Today’s post is going to be a short one. My brain is not up for waxing on eloquently on any topic at the moment.

I don’t know about the rest of you, but I rarely read one book at a time. It’s much more common for me to jump between two or three (or more) of them simultaneously. Lately, I’ve been stumbling across one great read after another.

If non-graphic references to the accidental death of a child are hard for you to read, you might want to skip the first one.

From Crystal Chan’s Bird, a young adult novel about a girl who was born the same day her brother died and who grew up in the shadow of her family’s grief:

Grandpa stopped speaking the day he killed my brother, John. His name was John until Grandpa said he looks more like a Bird with the way he kept jumping off things, and the name stuck.

 

From Melissa Hill’s Keep You Safe, a medical thriller about how two families – one who were anti-vaxxers and another whose child couldn’t be vaccinated due to a rare disease – reacted when the antivaxxer’s family caught the measles and gave it to the medically fragile child:

The bell rang out and on cue they started to approach all at once, like a stampeding herd.

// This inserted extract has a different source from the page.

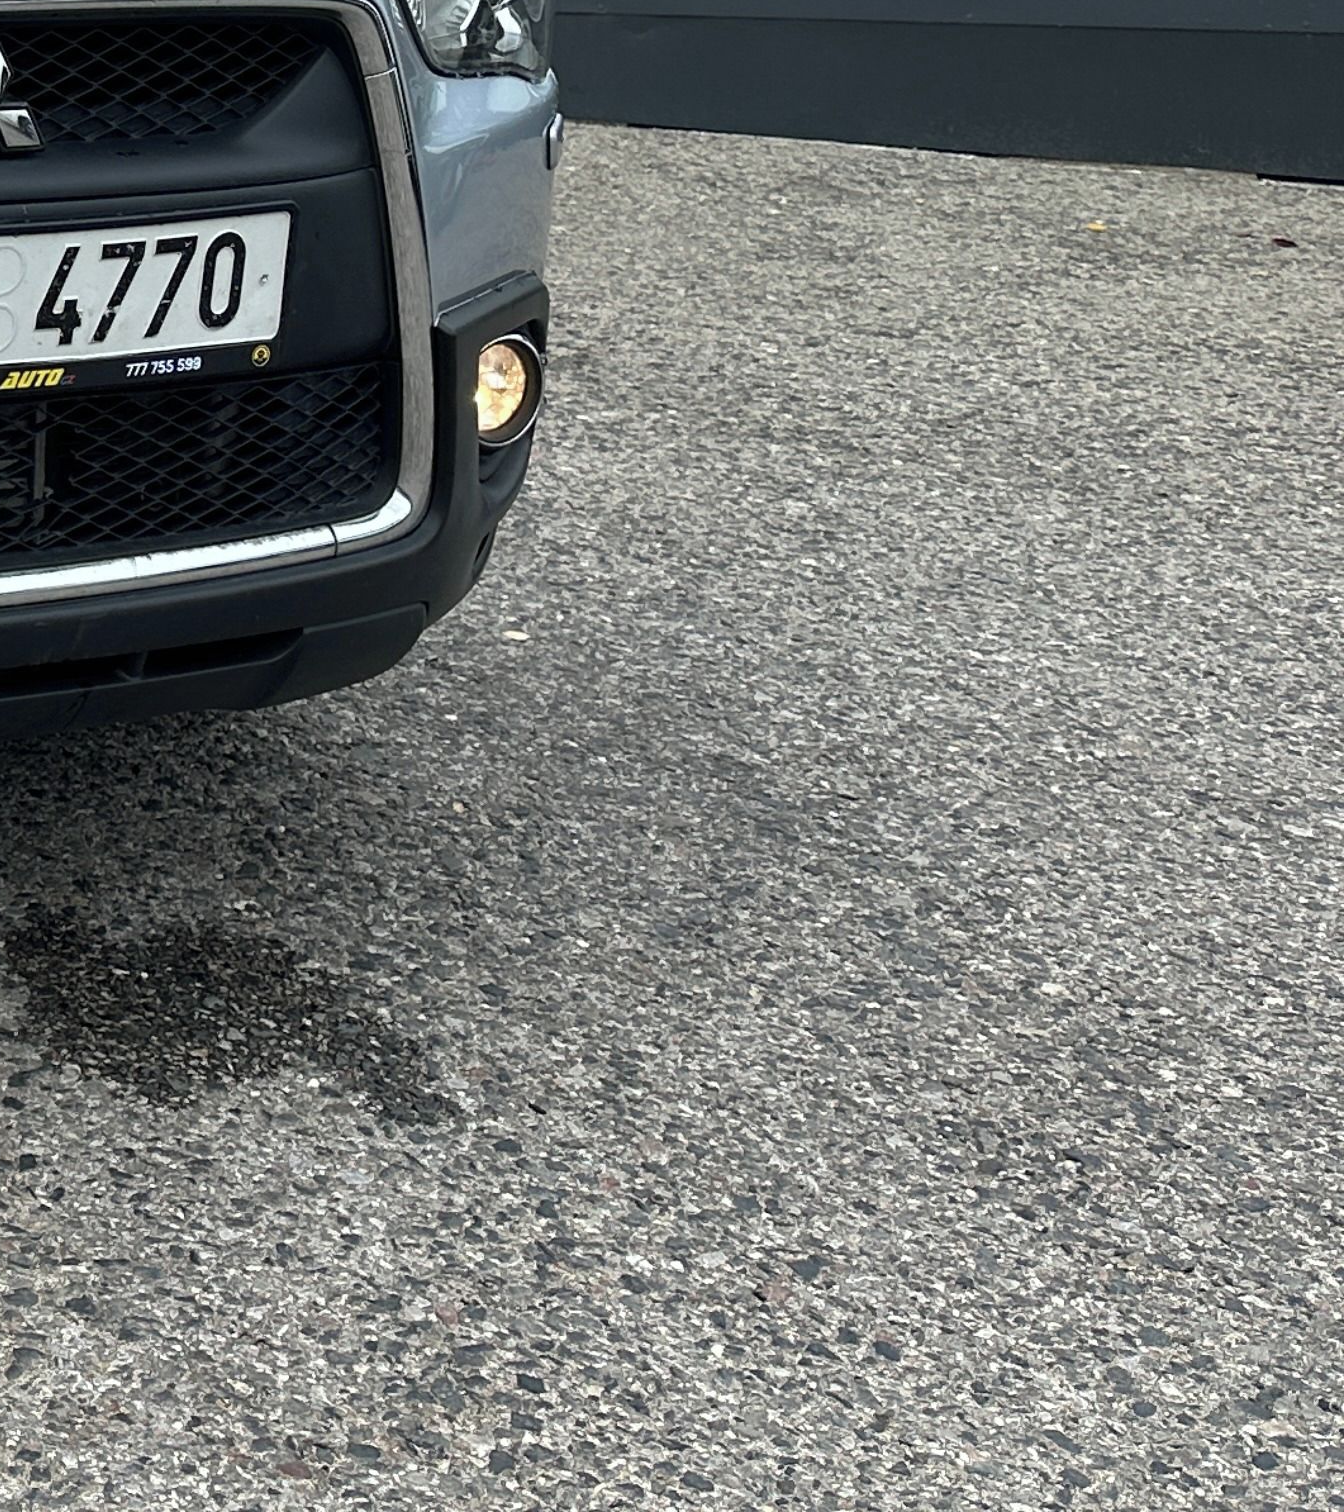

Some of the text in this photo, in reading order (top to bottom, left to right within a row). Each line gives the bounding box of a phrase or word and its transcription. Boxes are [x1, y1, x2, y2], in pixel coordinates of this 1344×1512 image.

[35, 231, 247, 346] 4770
[125, 356, 202, 377] 777 755 599

From Aimee Nezhukumatathil’s Lucky Fish: Poems. This is the first fragment of The Secret of Soil, the first poem in this collection:

The secret of smoke is that it will fill

any space with walls

From Jennifer Mathieu’s Devoted, a story about a devoutly religious, homeschooled girl who begins to seriously doubt the things her parents had always taught her about what it means to live a righteous life:

James Fulton is sweating like a sinner in church. Which, of course, is exactly what he is. 

I’m hoping to write a much longer and more detailed post on Monday. In the meantime, what are the first lines from what you’ve been reading lately? Who else likes to start a new book before finishing the one(s) you’re currently reading?

 

6 Responses to The First Lines of What I’m Reading

  1. Currently:
    When Mary Miller was ten years old and not yet a witch, and Carsden was still a thriving mining village, she would watch her brother Tom playing football in the park with his friends.

    All-time favourite:
    In my grandmother’s dining-room there was a glass-fronted cabinet and in the cabinet a piece of skin…

  2. Interesting first lines, Keep You Safe sounds especially good. If I try to read two books at once, I will end up favoring one over the other so I stick to reading one at a time.